Los Angeles Unified is staring down a painful financial reality: fewer students, a tightening budget, and a warning that staff cuts, including likely layoffs, are on the horizon. At a school board meeting this week, Superintendent Alberto Carvalho said his team is working "around the clock to minimize any and all impact," but acknowledged that some cuts may be unavoidable if the district wants to protect classroom stability.
School Board Hears Warning Of Layoffs
During the board session earlier this week, district officials walked through a multi-year budget shortfall and told board members that reductions in positions are on the table, although they did not release specific layoff totals, according to the Los Angeles Times. Carvalho said the top priority is to keep classrooms as stable as possible, and that wherever they can, the district will look to eliminate positions instead of the people currently in those jobs.
The Budget Math
For the current year, Los Angeles Unified is running on an $18.8 billion budget, according to a news release from Los Angeles Unified. To stay afloat, leaders have leaned heavily on one-time reserves and other temporary fixes as part of a fiscal stabilization plan, even as they model bigger structural changes that would be needed to close the long-term gap.
Where Cuts Would Land
Early plans point to central office operations taking the first hit. Local reporting and planning documents indicate that roughly $150 million in savings would come from trimming central-office spending and from leaving vacant non-classroom positions unfilled, with additional reductions aimed at underused programs and transportation, according to LAist. School sites have already received preliminary budgets so principals and communities can brace for smaller allocations next year while the district weighs big structural fixes against more immediate pain.
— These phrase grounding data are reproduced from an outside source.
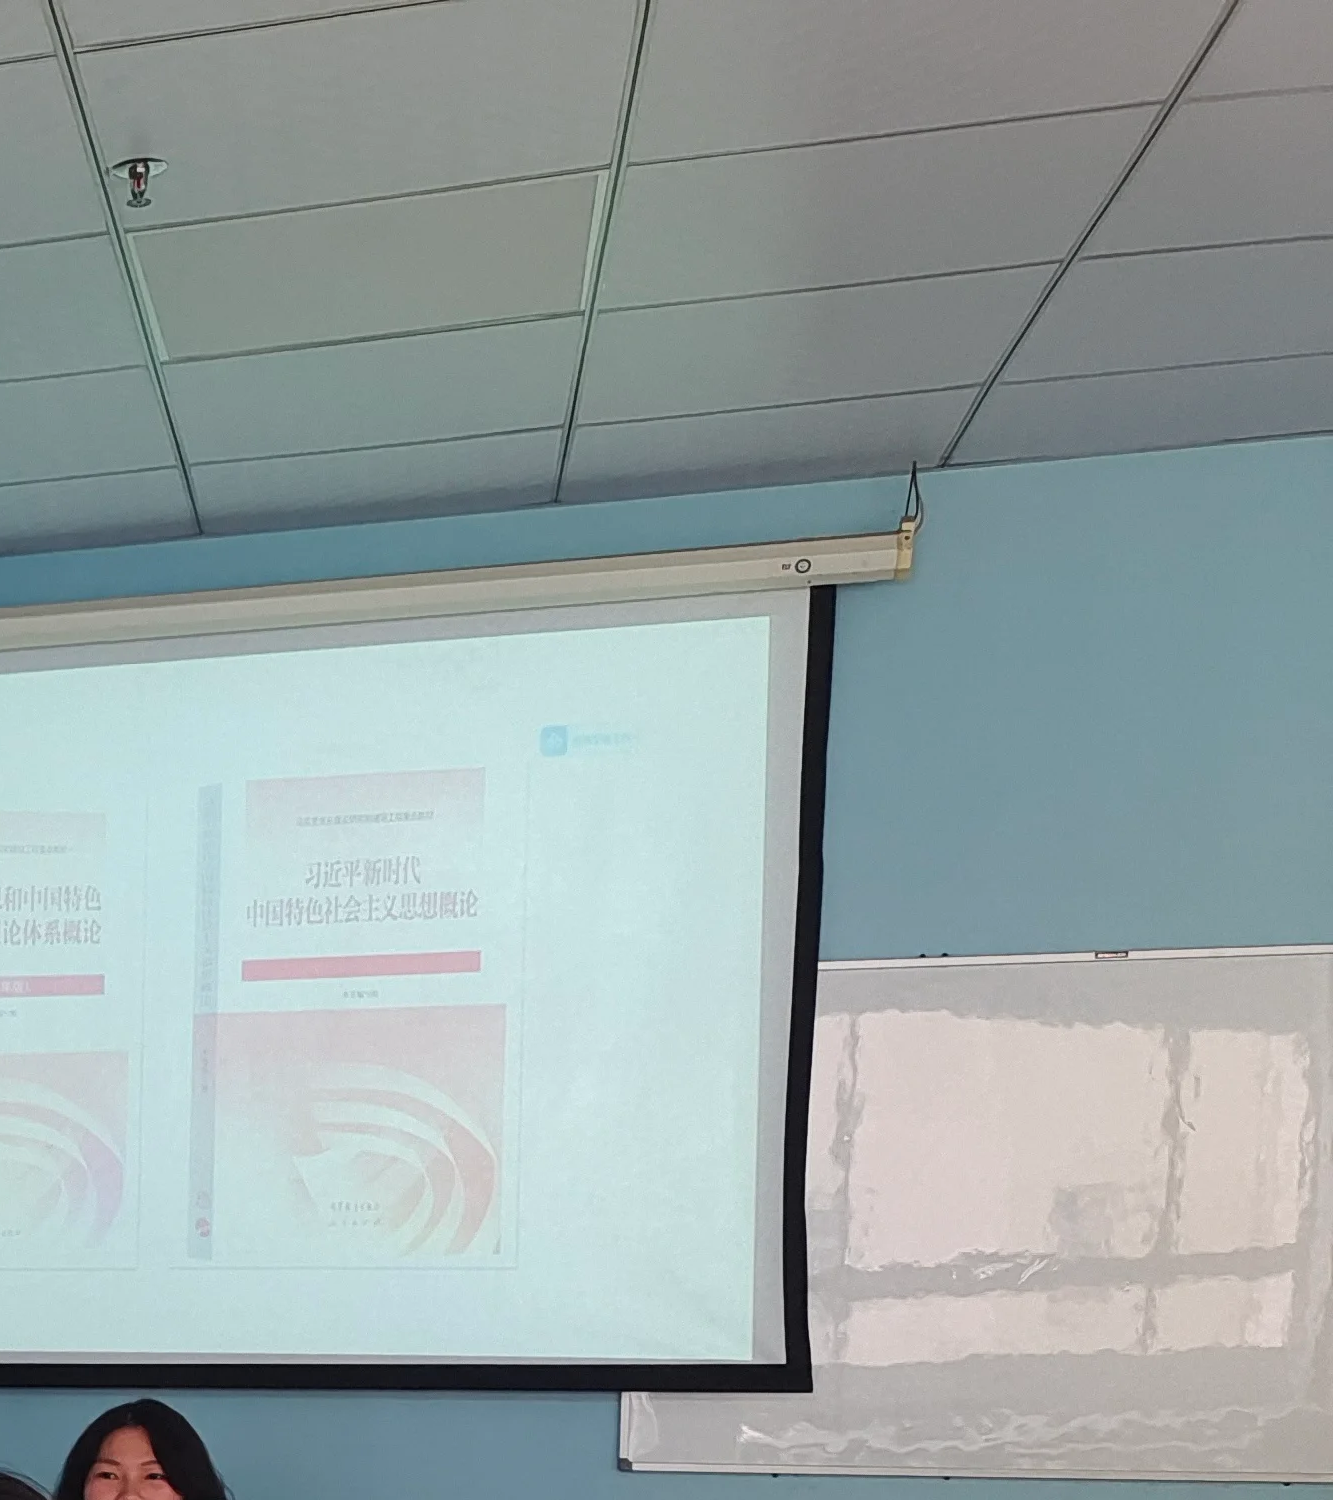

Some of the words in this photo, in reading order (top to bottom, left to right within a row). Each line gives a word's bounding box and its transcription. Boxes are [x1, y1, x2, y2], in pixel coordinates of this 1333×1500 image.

[305, 856, 421, 888] 习近平新时代
[245, 890, 479, 927] 中国特色社会主义思想概论
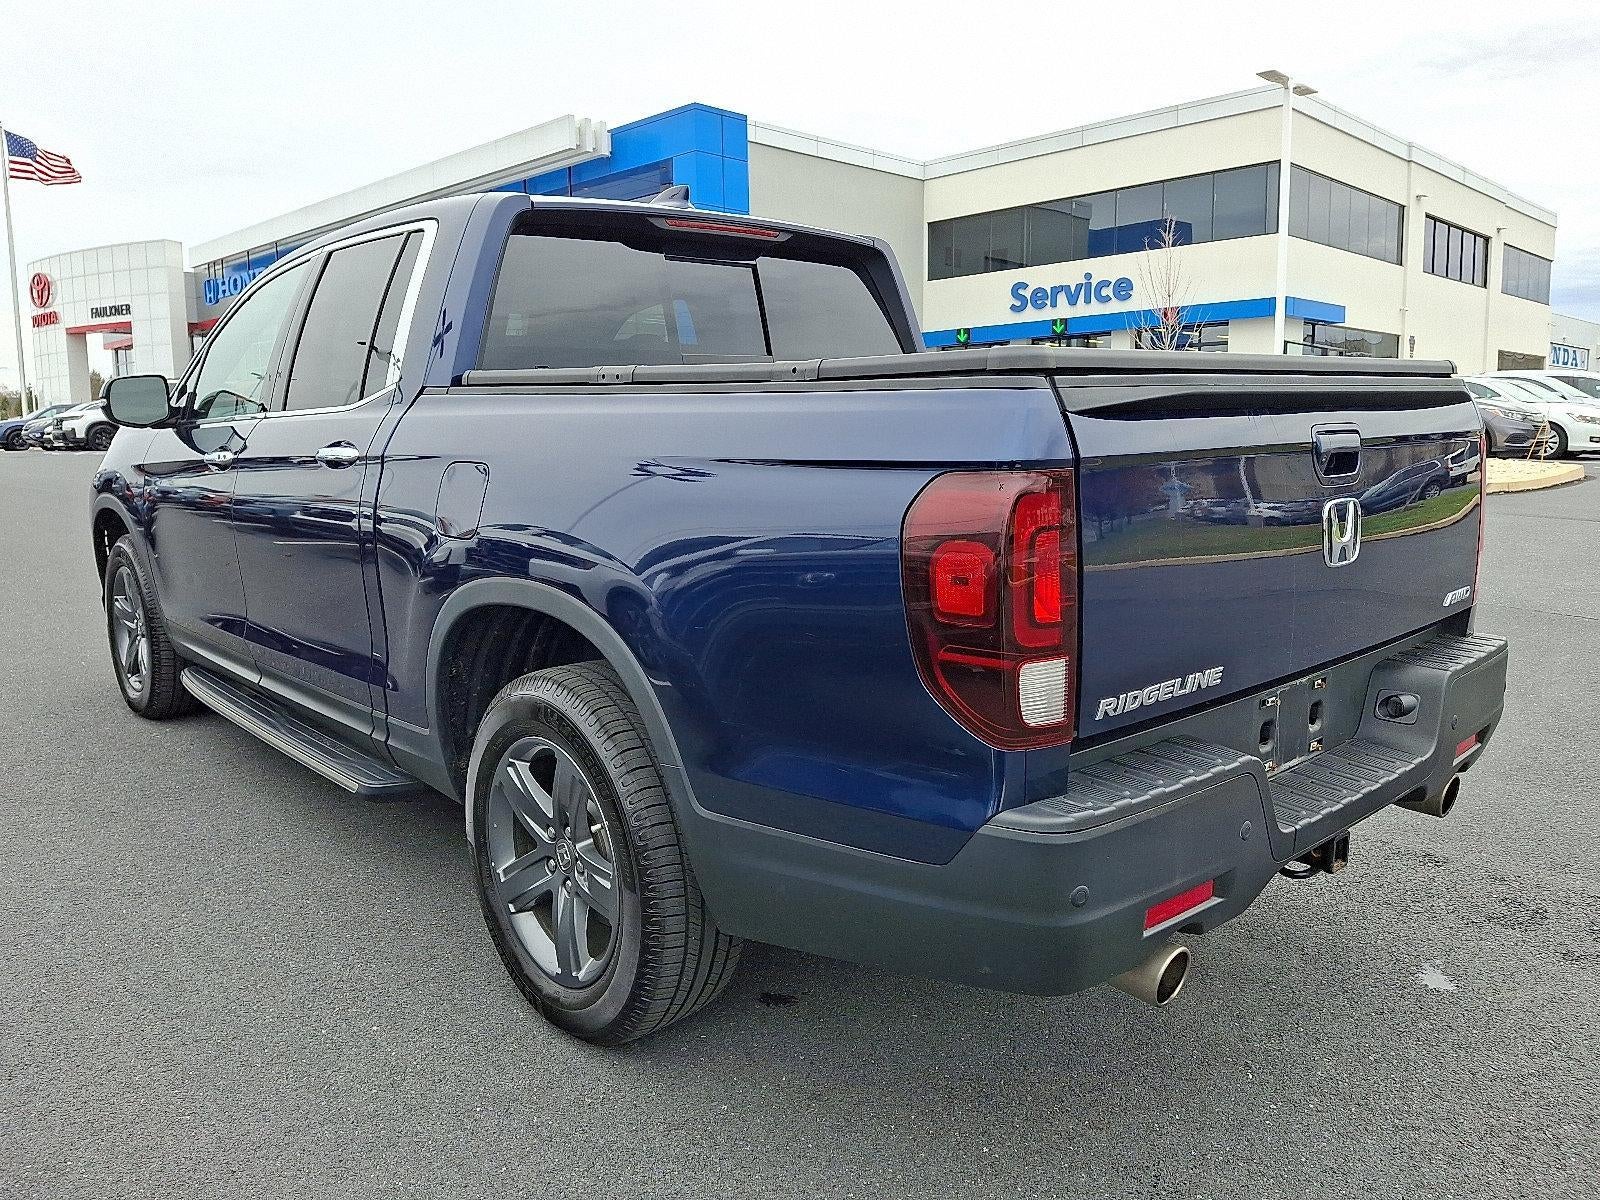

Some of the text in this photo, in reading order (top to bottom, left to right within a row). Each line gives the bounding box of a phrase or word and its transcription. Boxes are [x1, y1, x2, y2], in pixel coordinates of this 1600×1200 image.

[1009, 272, 1134, 313] Service
[32, 310, 59, 328] TOYOTA
[90, 303, 131, 319] FAULKNER
[1095, 666, 1224, 721] RIDGELINE
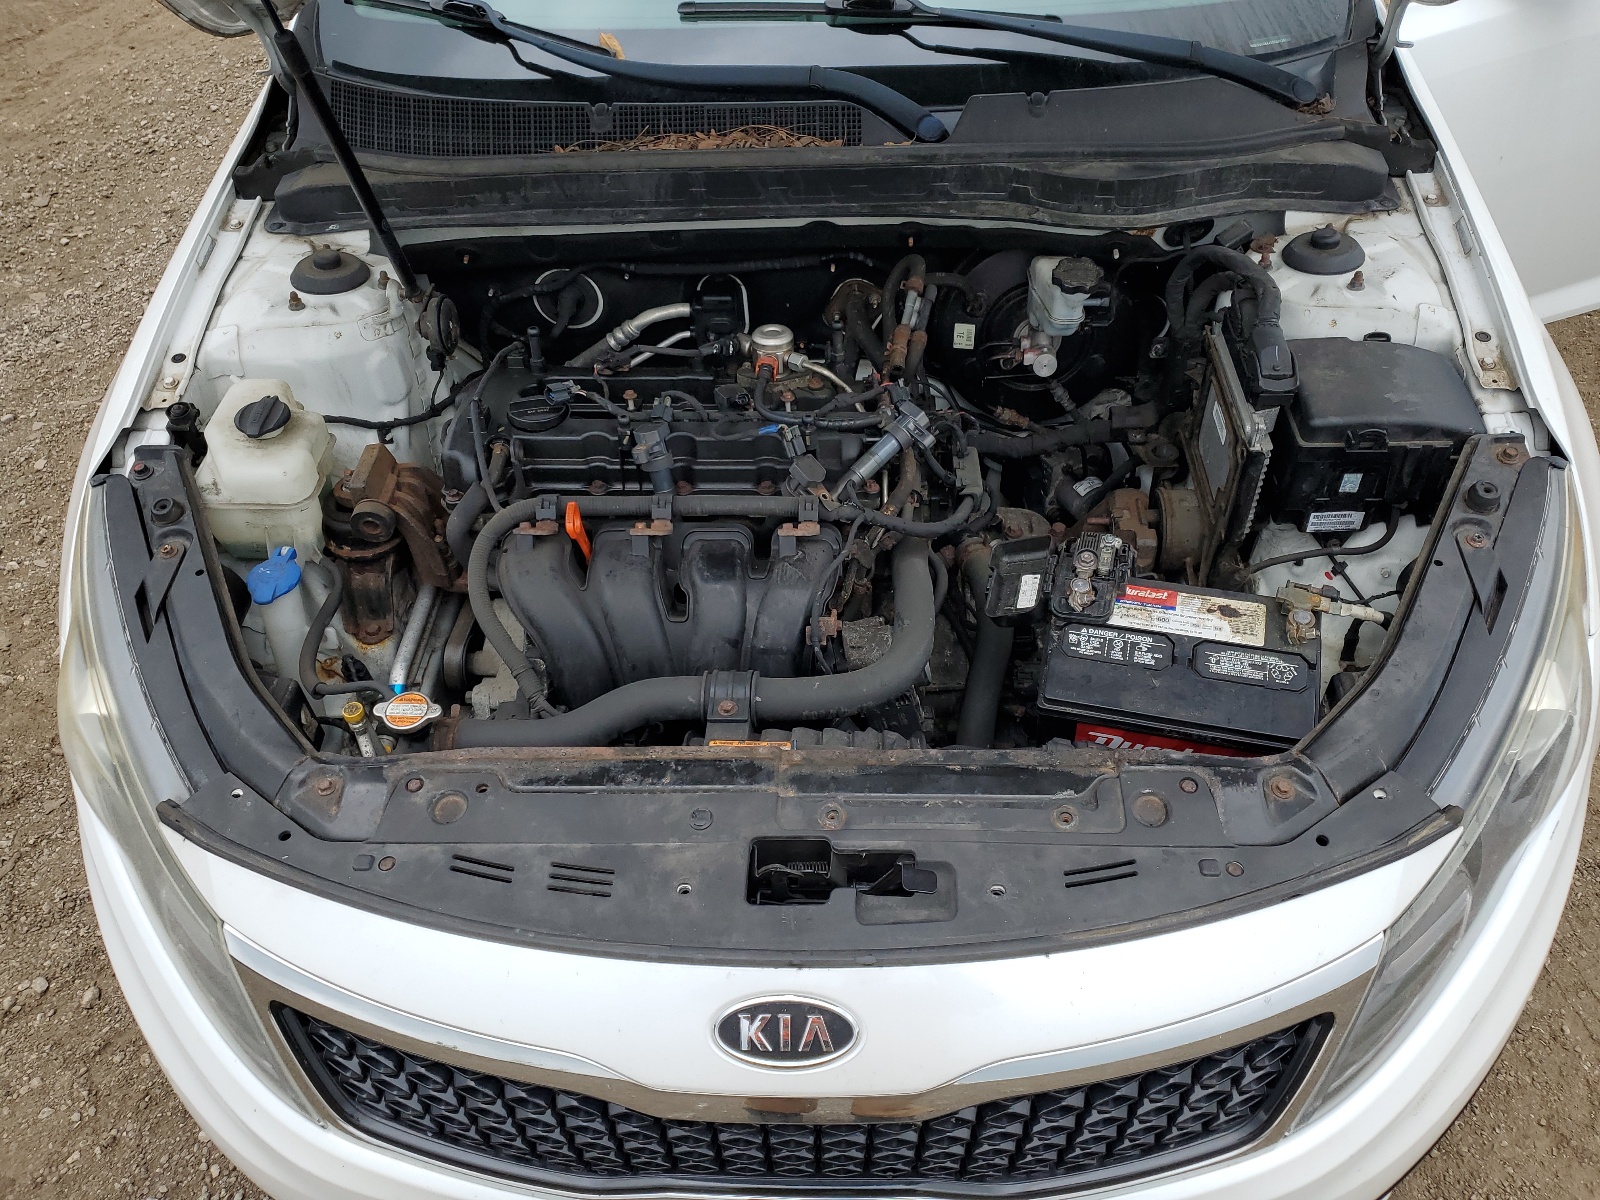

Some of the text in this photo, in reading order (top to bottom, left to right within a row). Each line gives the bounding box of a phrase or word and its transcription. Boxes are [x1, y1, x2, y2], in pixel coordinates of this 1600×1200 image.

[1088, 628, 1118, 638] DANGER
[1125, 633, 1153, 643] POISON
[738, 1013, 835, 1053] KIA
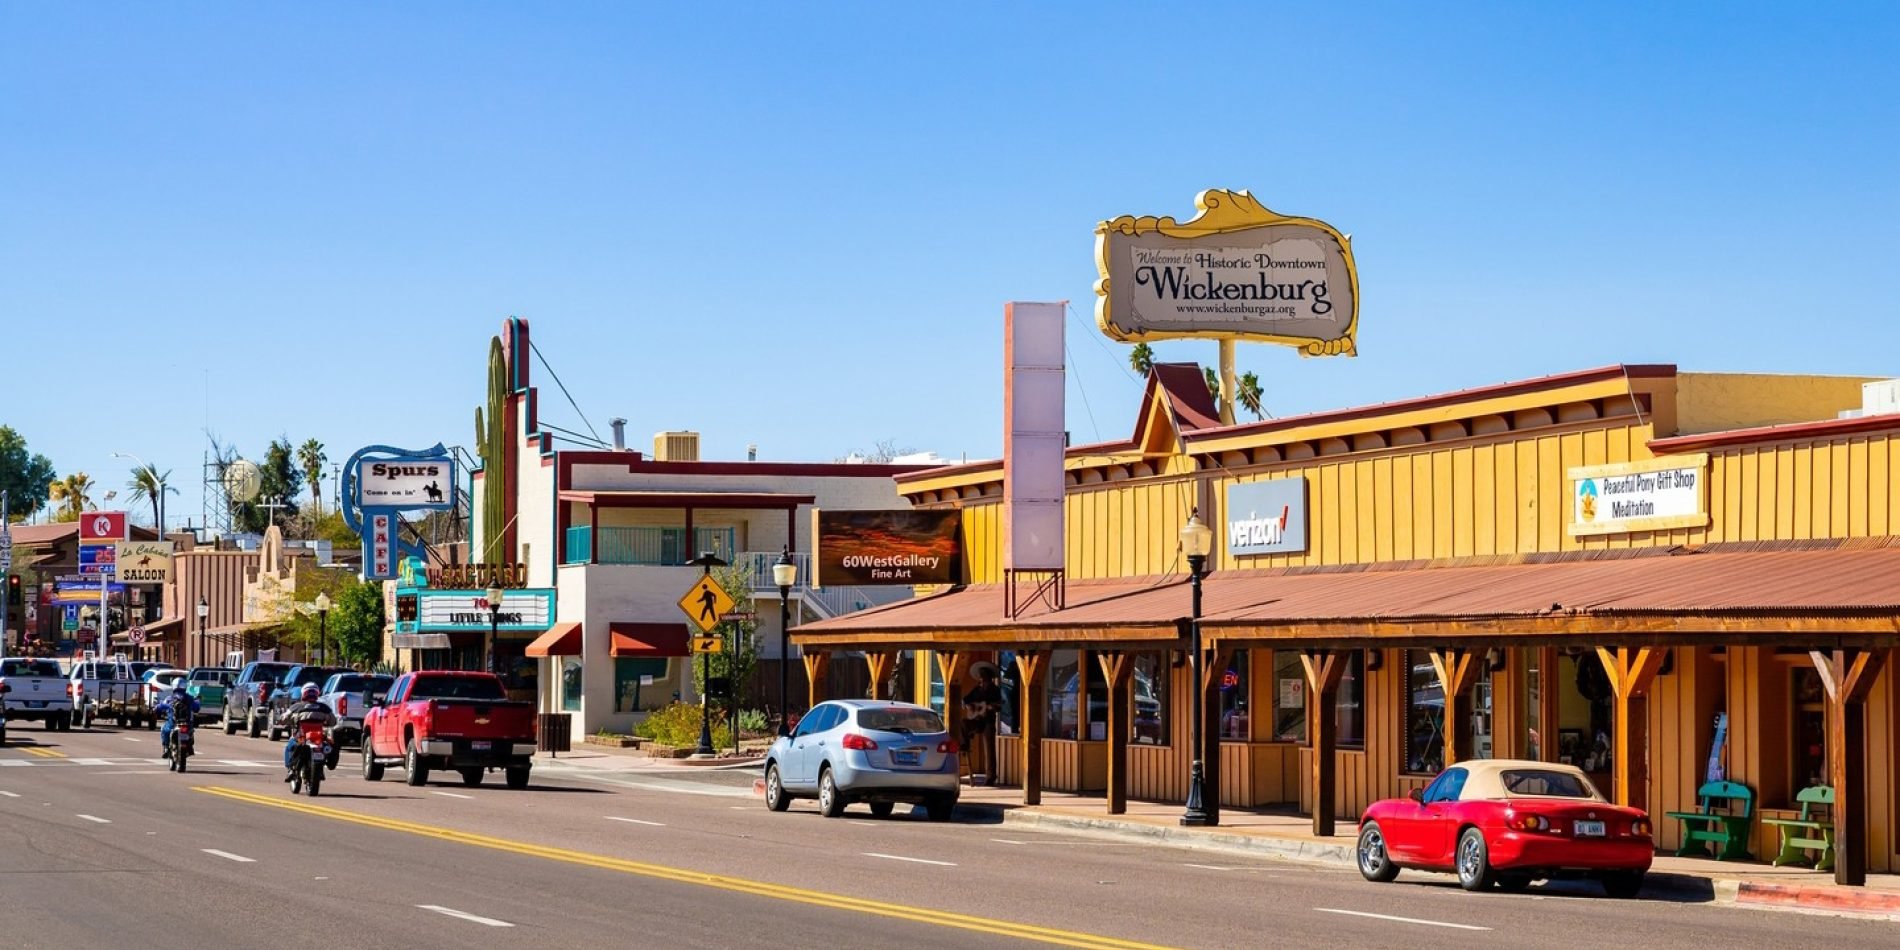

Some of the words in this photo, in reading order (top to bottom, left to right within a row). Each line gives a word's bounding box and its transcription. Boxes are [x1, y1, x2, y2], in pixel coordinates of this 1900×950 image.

[1135, 252, 1182, 264] Welcome
[1183, 252, 1192, 264] to
[1195, 253, 1251, 269] Historic
[1254, 253, 1326, 269] Downtown
[1135, 266, 1332, 315] Wickenburg
[1176, 303, 1296, 317] www.wickenburgaz.org
[372, 463, 439, 480] Spurs
[1603, 475, 1635, 495] Peaceful
[1636, 474, 1655, 494] Pony
[1657, 470, 1673, 490] Gift
[1674, 470, 1695, 490] Shop
[1612, 500, 1654, 519] Meditation
[1229, 511, 1282, 547] verizon
[376, 517, 387, 574] CAFE
[842, 554, 939, 569] 60WestGallery
[123, 569, 166, 581] SALOON
[871, 568, 893, 579] Fine
[894, 568, 912, 578] Art
[1224, 675, 1239, 685] EN
Enrollment Decline Is The Core Problem
The budget squeeze traces back to a familiar culprit: fewer kids in seats. Reporting found last year’s enrollment at about 408,083 students, far below the district’s peak in the early 2000s and leaving many neighborhood elementary schools operating under capacity, according to LA School Report. That underuse makes it tough to cut costs quickly, since staffing and facilities are largely fixed expenses that do not shrink as fast as the student count.
Unions And State Uncertainty Complicate The Picture
Looking a few years out, the numbers get even more uncomfortable. The district projects a deficit of roughly $191 million for the 2027–28 school year and has told the board it could lose about 20,000 students over the next two years, a drop that would further erode per-pupil funding. Those figures were laid out in recent coverage by the Los Angeles Times.
On top of that, labor talks are in full swing. Negotiations with United Teachers Los Angeles and SEIU Local 99 are ongoing, with union leaders saying the district has put 2.5% on the table for the first year and 2% for the second. District officials counter that the full compensation package being discussed would add roughly $800 million to overall costs. Hovering over it all is the state budget picture: a modest 2.41% cost-of-living adjustment and Gov. Gavin Newsom’s proposal to withhold about $5.6 billion from the Proposition 98 school funding guarantee, a move that has districts across California watching Sacramento with some anxiety.
What Is Next For Families And Staff
District leaders say a more detailed budget roadmap will land in the coming weeks, with the school board set to vote on specific steps after that. If the board authorizes layoffs, affected employees would be notified according to state-mandated timelines, as reported by LA School Report. Union pushback, the outcome of contract negotiations, and the final state budget will all help determine how much of the financial hit lands in classrooms and how much can be absorbed elsewhere in the system.